Dengan segenap pertimbangan, satu di antaranya dari orang tua, aku jalani serangkaian tes Tahap Kedua di ITS yang makan sampai 3 hari itu. Kenapa? Karena nama ITS lebih mentereng dibandingkan kampus ITU, sehingga asumsinya akan lebih baik kondisi kerjanya. Semuanya benar-benar tanpa persiapan. Termasuk dari segi baju. Aku cuma bawa satu setel, karena mengira akan ngelaju saja Surabaya-Bojonegoro (tinggal di situ aku, bro). Tapi kemudian memilih ngehotel saja selama 2 malam yang rate semalamnya kurang dari Rp. 200 ribu dekat-dekat ITS.

Gimana dengan kampus ITU? Aku dapat nomor kontak HRDnya dari email.
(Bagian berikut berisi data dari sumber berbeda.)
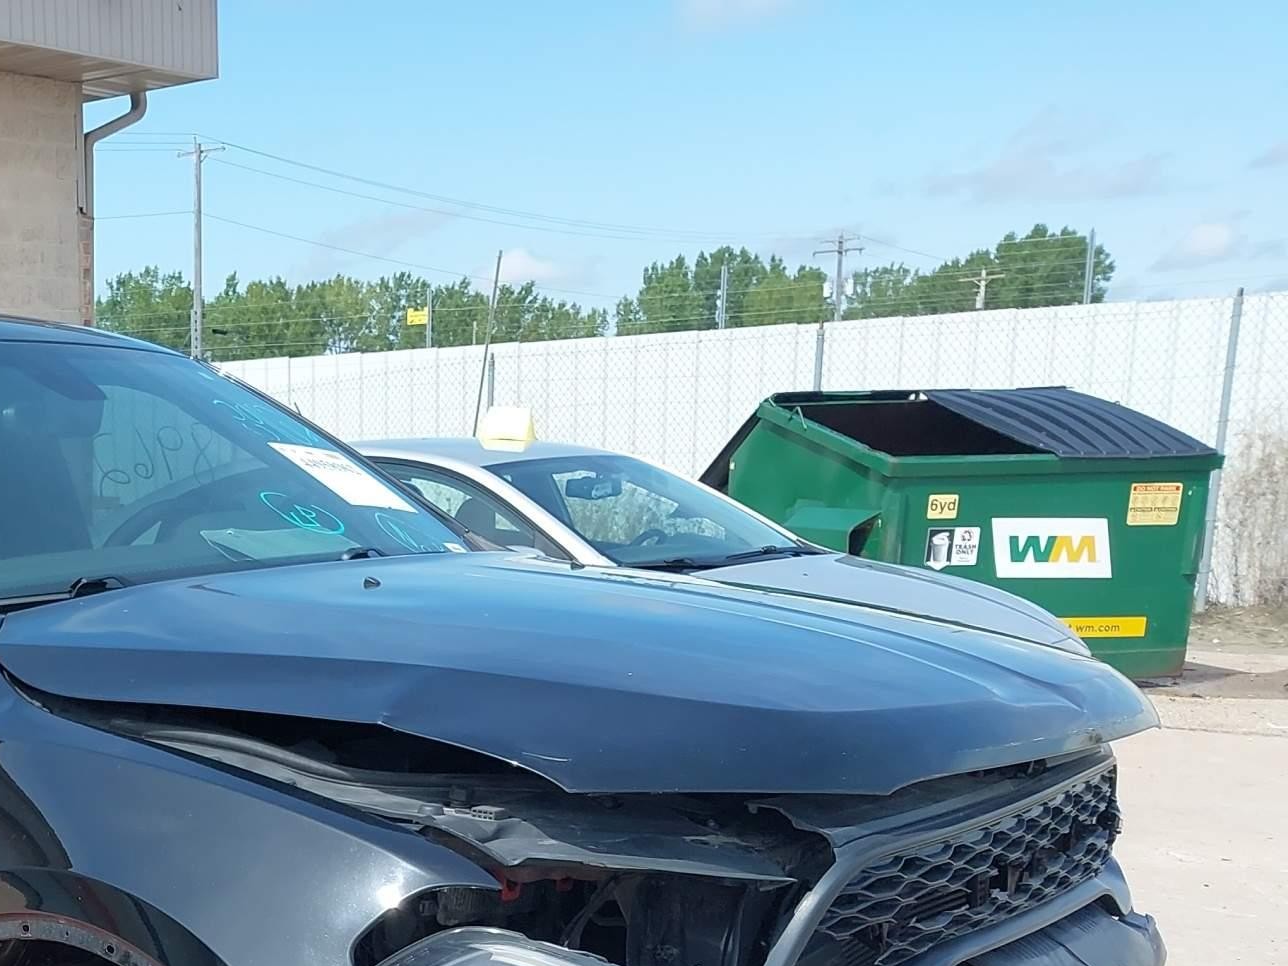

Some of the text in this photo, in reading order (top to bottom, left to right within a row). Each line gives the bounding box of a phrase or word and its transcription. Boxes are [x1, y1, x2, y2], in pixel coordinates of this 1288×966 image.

Dari situ aku hubungi si-Mbaknya dan meminta penundaan tes jika memungkinkan, dan dijadwalkan ulang di hari terakhir tes TOEFL di ITS. Jadi aku bisa agak tenang.

Singkat cerita, setelah berkejaran dengan waktu, makan siang pake nasi dus mika dengan lauk telor dan sambel kentang yang kubeli di terminal, berdoa dalam hati agar bus ekonomi yang lambat jalannya bisa membawaku tepat waktu ke kota di mana kampus ITU berada, sampailah aku di sana. Si Kang Gojek sempet dihadang di gerbang masuk karena mereka dilarang masuk ke area kampus.
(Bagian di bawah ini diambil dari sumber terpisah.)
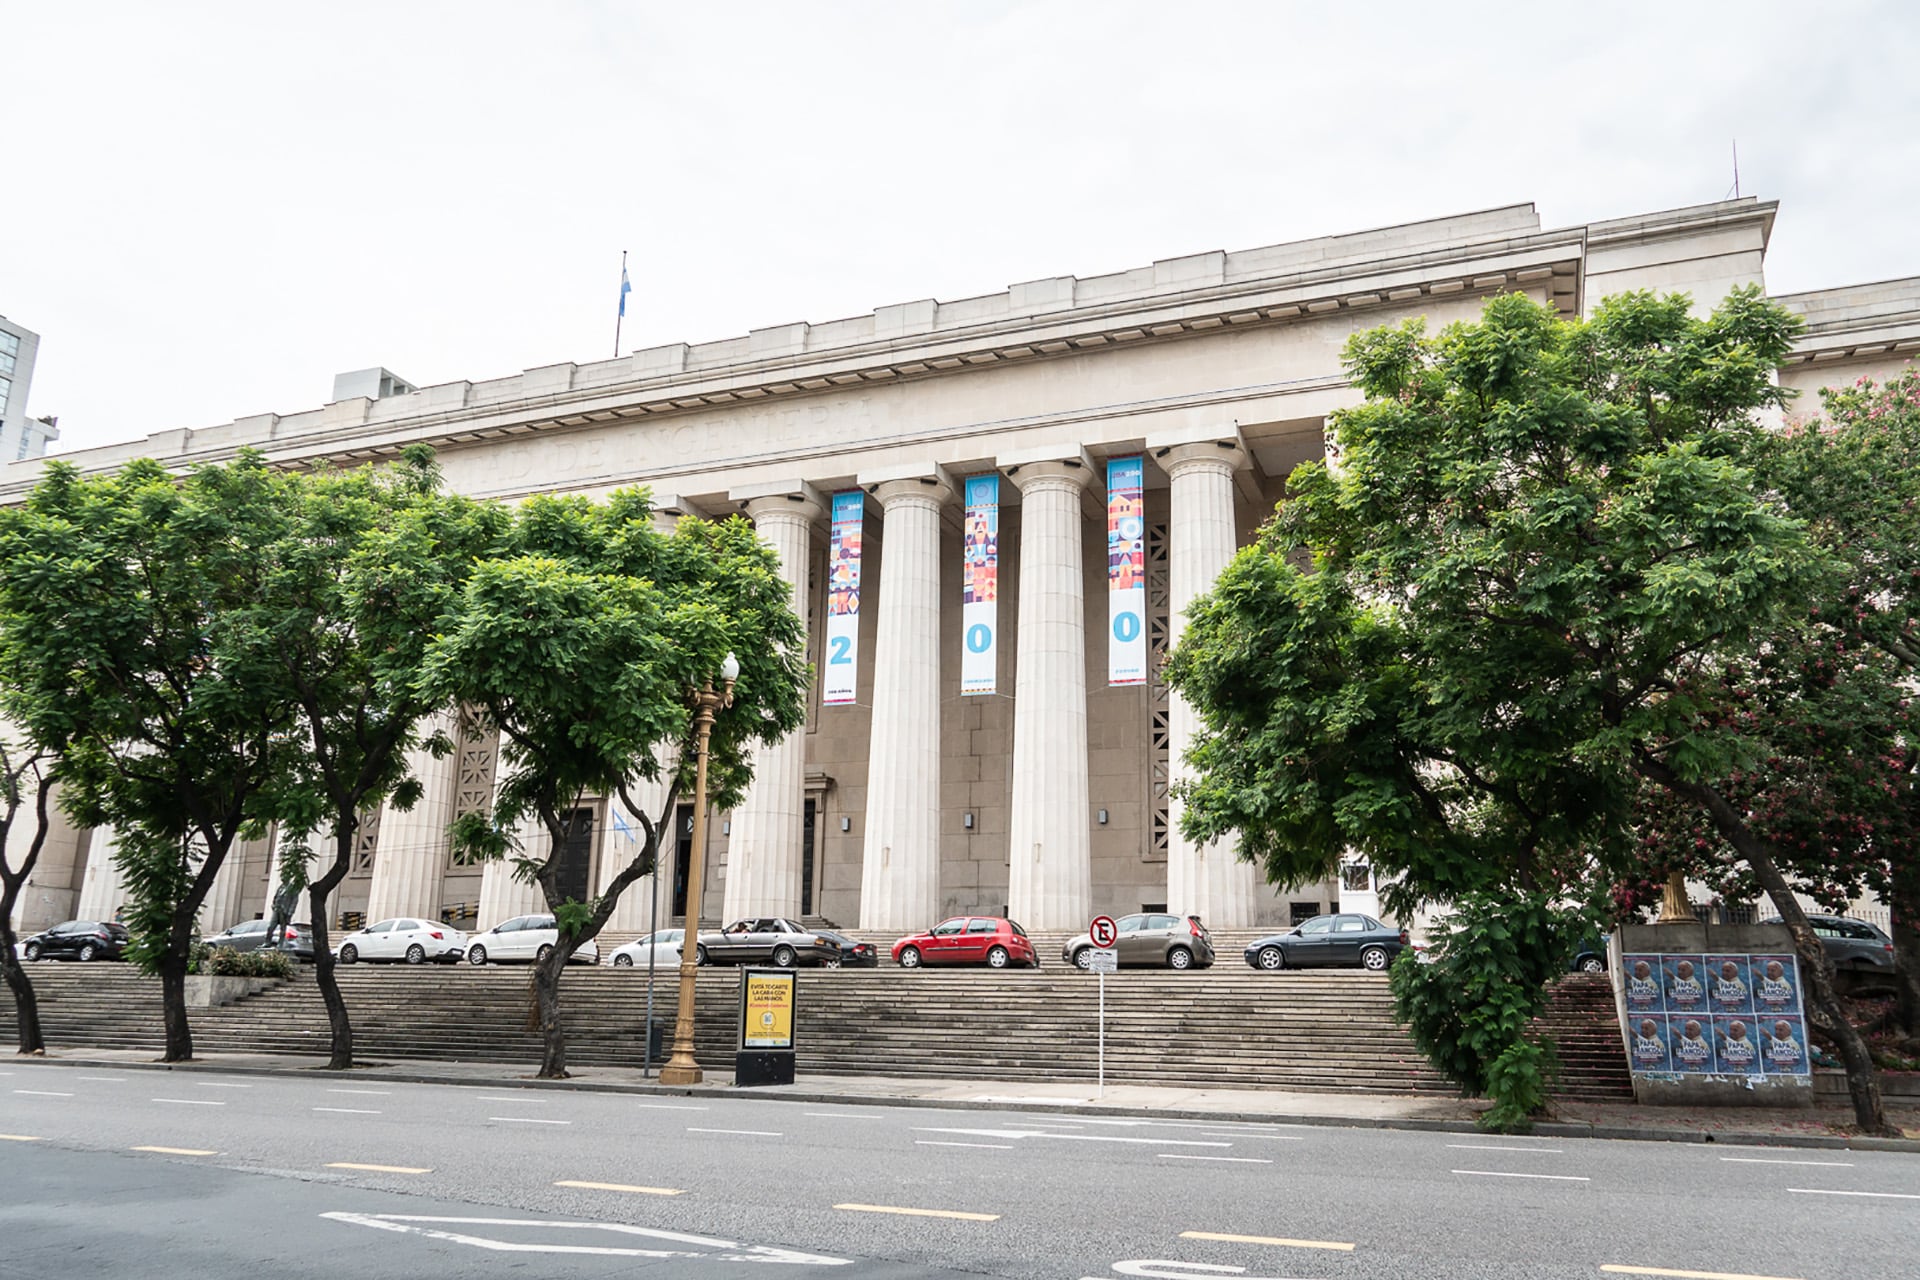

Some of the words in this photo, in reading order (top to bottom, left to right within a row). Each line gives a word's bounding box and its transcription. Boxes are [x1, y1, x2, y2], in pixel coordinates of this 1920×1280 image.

Aku pun jalan kaki ke gedung tempat aku akan menjalani tes. Cukup jauh dan menanjak pula, meksipun area kampus cukup rindang, tapi bikin keringatan. Ingat ya, aku gak bawa salin baju selain yang sudah kupakai sejak 3 hari lalu. Bisa dibayangkan aromanya macam mana.

Sehabis menjalani TPA (Tes Potensi Akademik) yang masya Allah angele pol-polan, karena isinya matematika semua (yang mana aku tidak yakin nilainya bagus). Aku menjalani micro teaching yang sudah kusiapkan (hanya 3 slide), disusul dengan wawancara.
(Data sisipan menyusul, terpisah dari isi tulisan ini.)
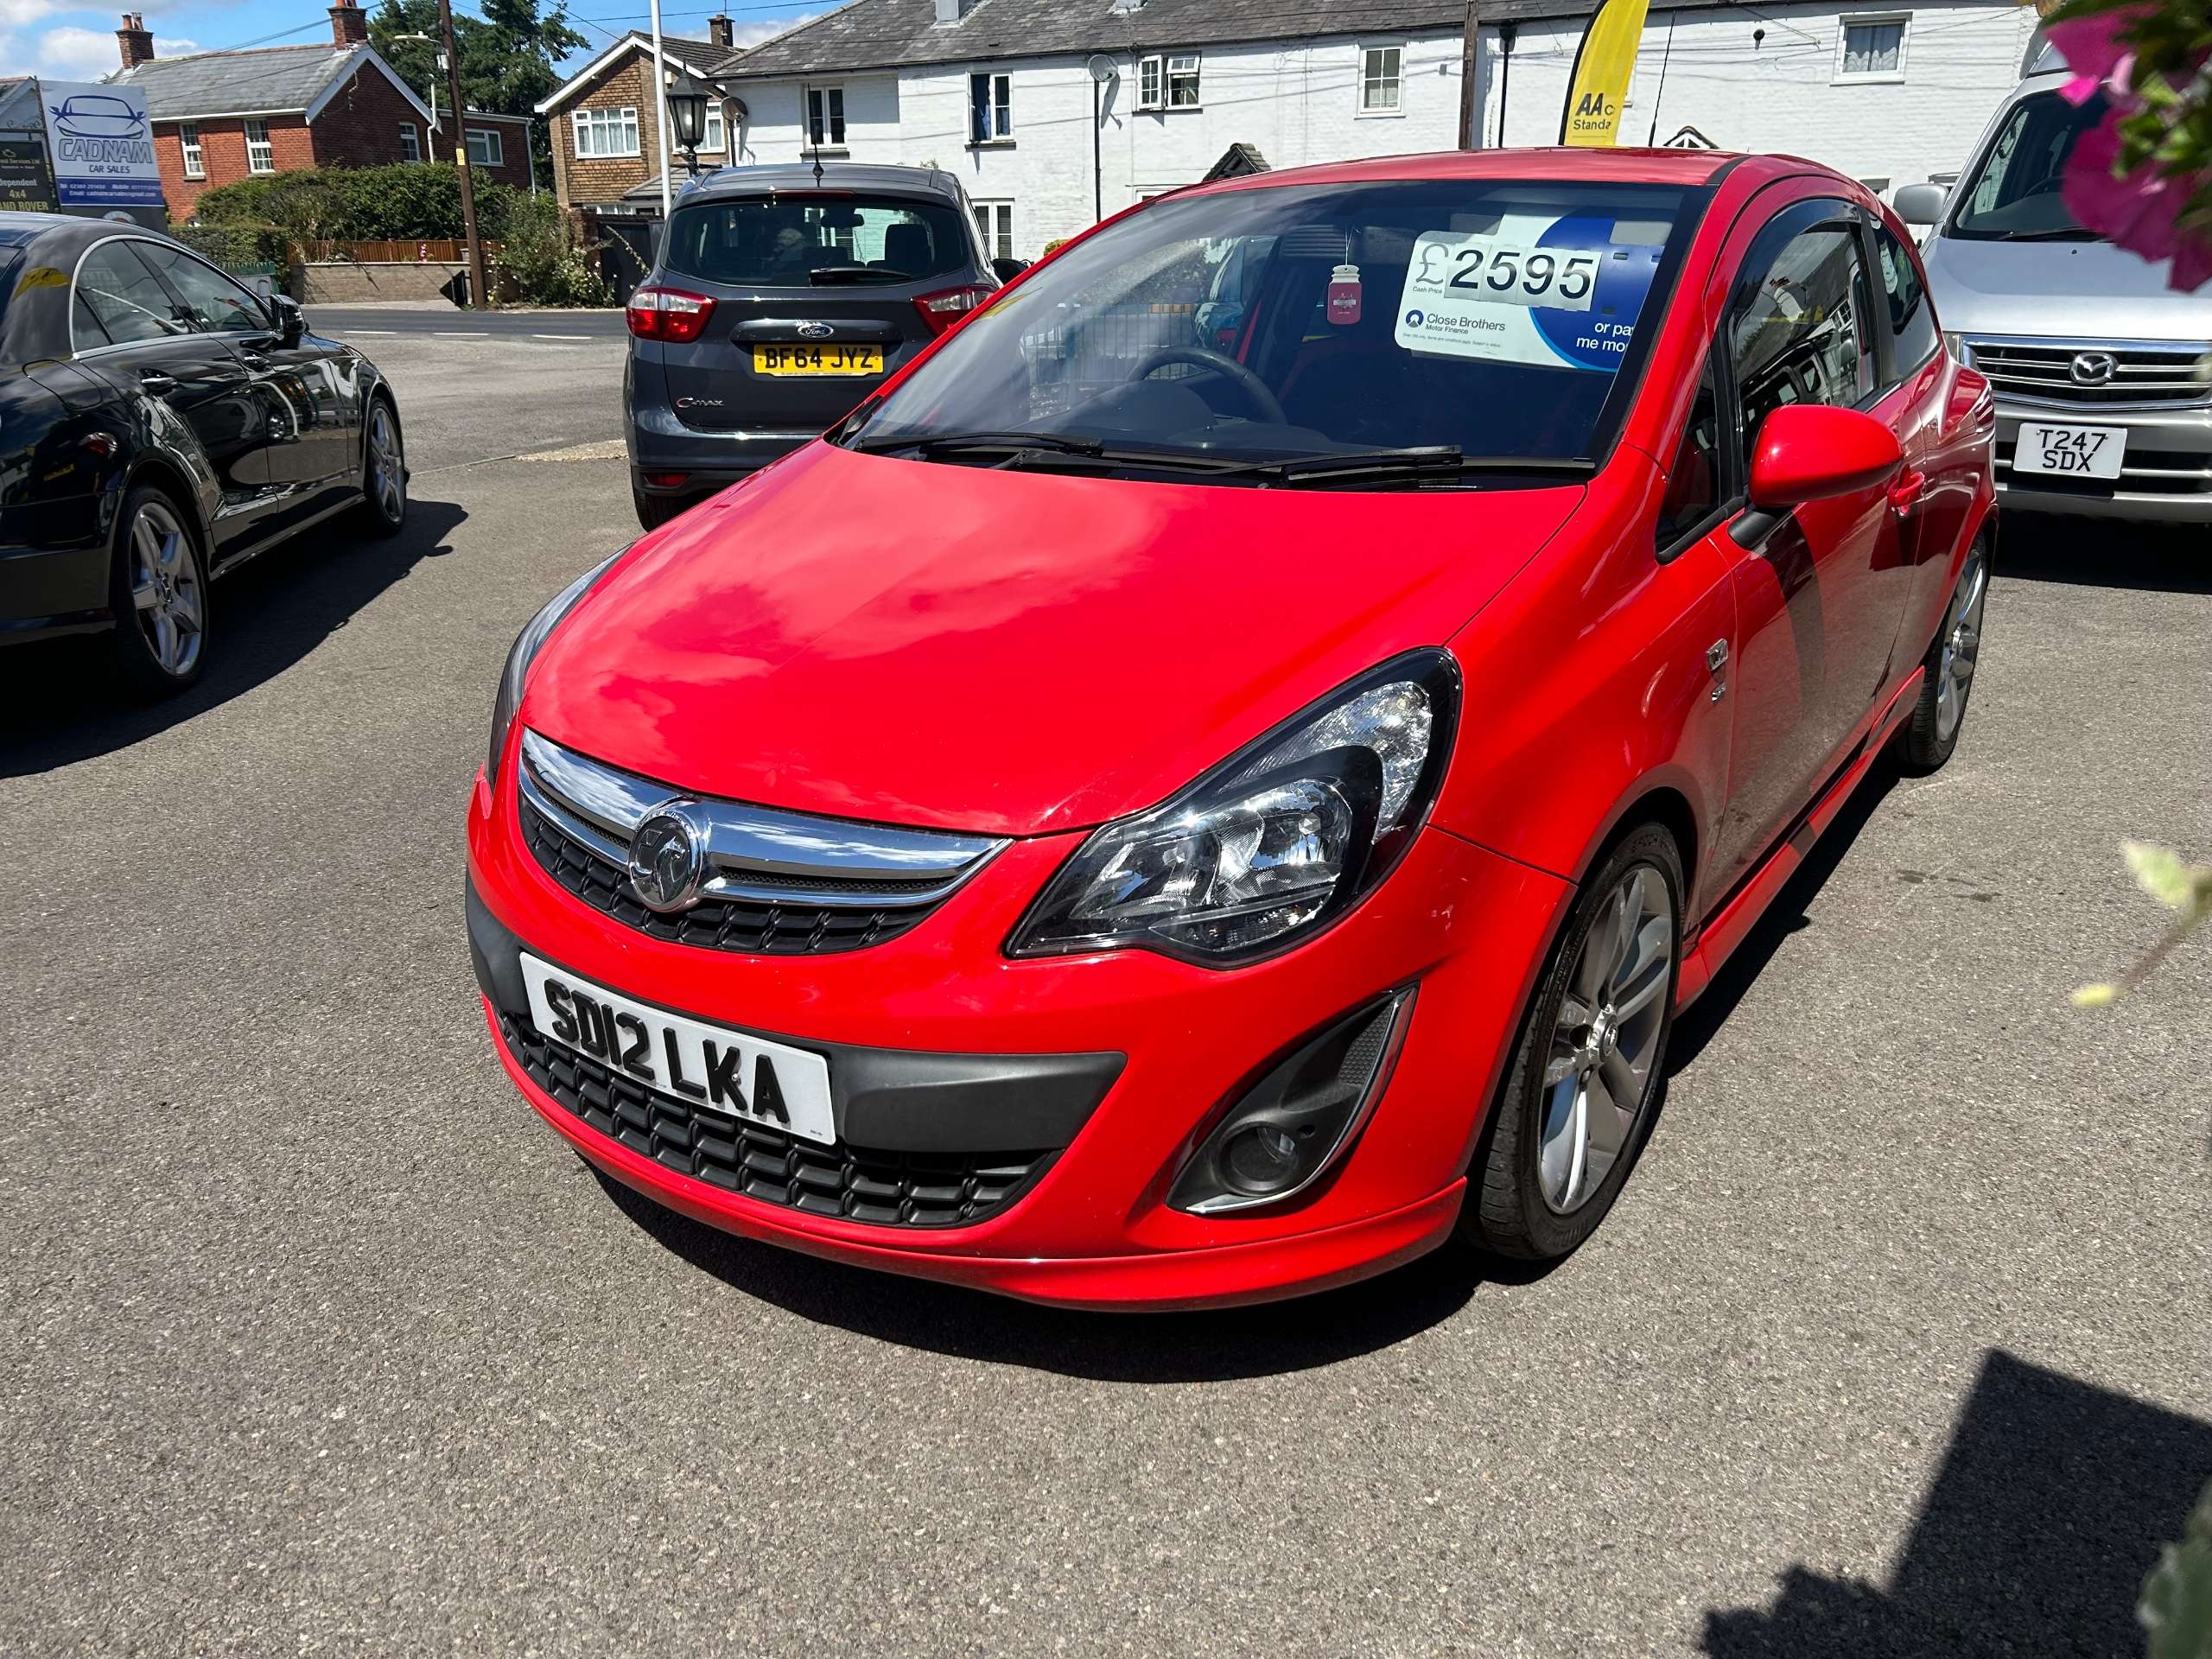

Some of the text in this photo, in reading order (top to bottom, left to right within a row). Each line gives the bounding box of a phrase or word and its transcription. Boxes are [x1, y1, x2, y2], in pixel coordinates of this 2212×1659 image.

[1575, 92, 1604, 116] AA
[58, 138, 153, 163] CADNAM
[89, 164, 130, 174] CAR SALES
[17, 200, 49, 212] ROVER
[1414, 243, 1593, 300] £2595
[804, 326, 827, 336] Ford
[1427, 313, 1506, 332] Close Brothers
[1445, 326, 1469, 334] Finance
[1594, 322, 1611, 334] or
[1576, 337, 1628, 353] me mo
[765, 347, 874, 369] BF64 JYZ
[2039, 429, 2107, 452] T247
[2042, 449, 2094, 472] SDX
[543, 977, 791, 1124] SD12 LKA
Wawancara dimulai dari Pak Kaprodi yang malah seperti diskusi tentang bidang keilmuan dari Prodi yang kulamar (pastinya tahu prodi apa kalau menyimak juga tulisan lain di blog ini yang isinya materi kuliahku untuk kampus di Bojonegoro).

Wawancara kedua ini yang masih terngiang sampai sekarang, karena pakai bahasa Inggris. Sepertinya si penanya, si Ibu/Mbak(?) jadi dosen bahasa Inggris di kampus ITU. Sebetulnya aku bukannya sulit memahami pertanyaannya, tapi ngomongnya itu yang sulit karena nyais seluruh vocabulary-ku mendadak menguap ke awang-awang. Malah jadi gugup. Menurutku level berbahasa Inggris itu yang paling rendah dimulai dari: 1) reading (and understanding), 2) writing (with correct grammar), baru yang ketiga 3) speaking (also with correct grammar). Aku level 2 saja belum komplit.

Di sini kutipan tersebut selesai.